■ **DIRECTIONS**
Your job is to retype the records exactly while dropping every picture.

Records contained in a dataset:
______
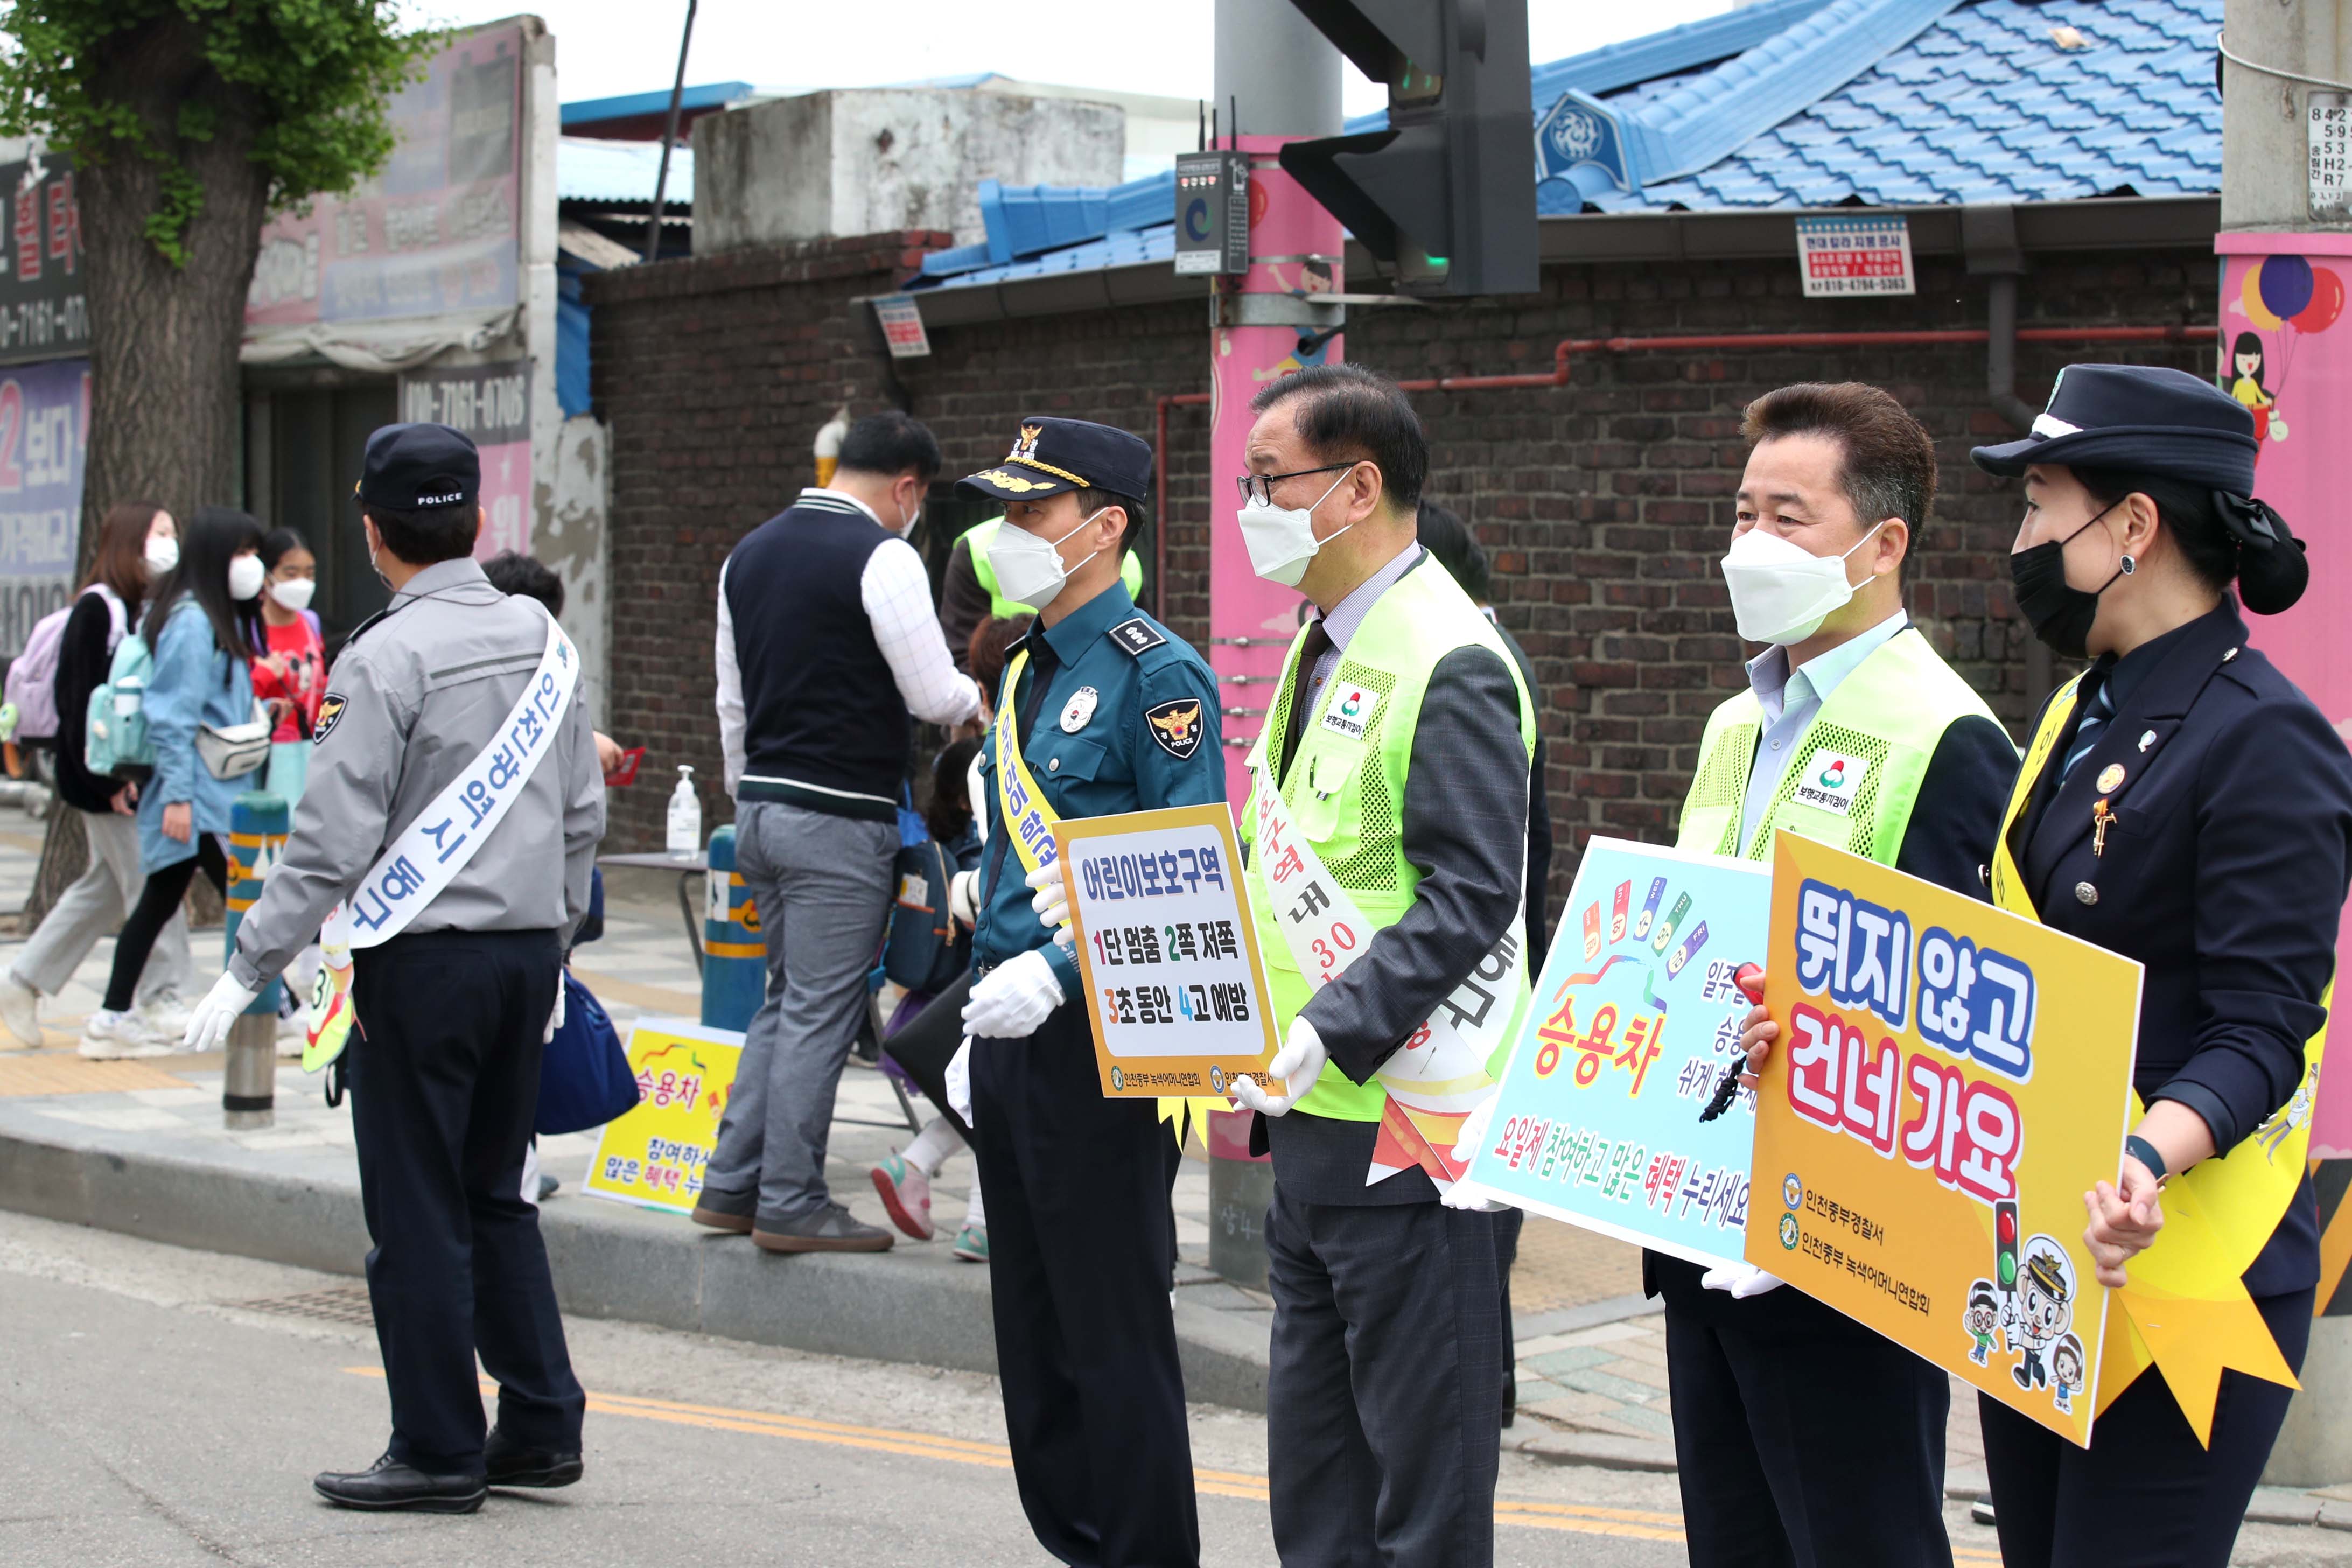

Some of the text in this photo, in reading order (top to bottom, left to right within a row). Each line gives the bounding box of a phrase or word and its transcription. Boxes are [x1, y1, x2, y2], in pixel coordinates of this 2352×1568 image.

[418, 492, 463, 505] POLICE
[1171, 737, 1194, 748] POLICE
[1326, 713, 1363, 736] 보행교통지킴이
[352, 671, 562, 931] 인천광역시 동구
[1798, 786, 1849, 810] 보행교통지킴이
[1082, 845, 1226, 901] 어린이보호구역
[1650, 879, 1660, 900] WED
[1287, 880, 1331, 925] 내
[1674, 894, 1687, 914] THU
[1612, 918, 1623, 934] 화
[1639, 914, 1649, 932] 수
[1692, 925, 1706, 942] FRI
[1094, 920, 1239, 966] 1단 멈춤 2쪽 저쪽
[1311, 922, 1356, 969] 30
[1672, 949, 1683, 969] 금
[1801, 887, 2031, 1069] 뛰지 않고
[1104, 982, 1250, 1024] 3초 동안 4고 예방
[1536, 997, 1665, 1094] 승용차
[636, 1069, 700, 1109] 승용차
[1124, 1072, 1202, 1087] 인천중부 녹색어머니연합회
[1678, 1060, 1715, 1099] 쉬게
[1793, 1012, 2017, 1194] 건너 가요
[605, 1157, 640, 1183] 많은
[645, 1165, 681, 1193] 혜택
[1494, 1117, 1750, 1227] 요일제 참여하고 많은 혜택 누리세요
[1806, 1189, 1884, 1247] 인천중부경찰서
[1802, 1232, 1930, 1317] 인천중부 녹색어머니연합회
______
■ **ANSWER**
Some of the text in this photo, in reading order (top to bottom, left to right within a row). Each line gives the bounding box of a phrase or word and its transcription. Boxes are [x1, y1, x2, y2], in pixel coordinates of this 2352×1568 image.

[418, 492, 463, 505] POLICE
[1171, 737, 1194, 748] POLICE
[1326, 713, 1363, 736] 보행교통지킴이
[352, 671, 562, 931] 인천광역시 동구
[1798, 786, 1849, 810] 보행교통지킴이
[1082, 845, 1226, 901] 어린이보호구역
[1650, 879, 1660, 900] WED
[1287, 880, 1331, 925] 내
[1674, 894, 1687, 914] THU
[1612, 918, 1623, 934] 화
[1639, 914, 1649, 932] 수
[1692, 925, 1706, 942] FRI
[1094, 920, 1239, 966] 1단 멈춤 2쪽 저쪽
[1311, 922, 1356, 969] 30
[1672, 949, 1683, 969] 금
[1801, 887, 2031, 1069] 뛰지 않고
[1104, 982, 1250, 1024] 3초 동안 4고 예방
[1536, 997, 1665, 1094] 승용차
[636, 1069, 700, 1109] 승용차
[1124, 1072, 1202, 1087] 인천중부 녹색어머니연합회
[1678, 1060, 1715, 1099] 쉬게
[1793, 1012, 2017, 1194] 건너 가요
[605, 1157, 640, 1183] 많은
[645, 1165, 681, 1193] 혜택
[1494, 1117, 1750, 1227] 요일제 참여하고 많은 혜택 누리세요
[1806, 1189, 1884, 1247] 인천중부경찰서
[1802, 1232, 1930, 1317] 인천중부 녹색어머니연합회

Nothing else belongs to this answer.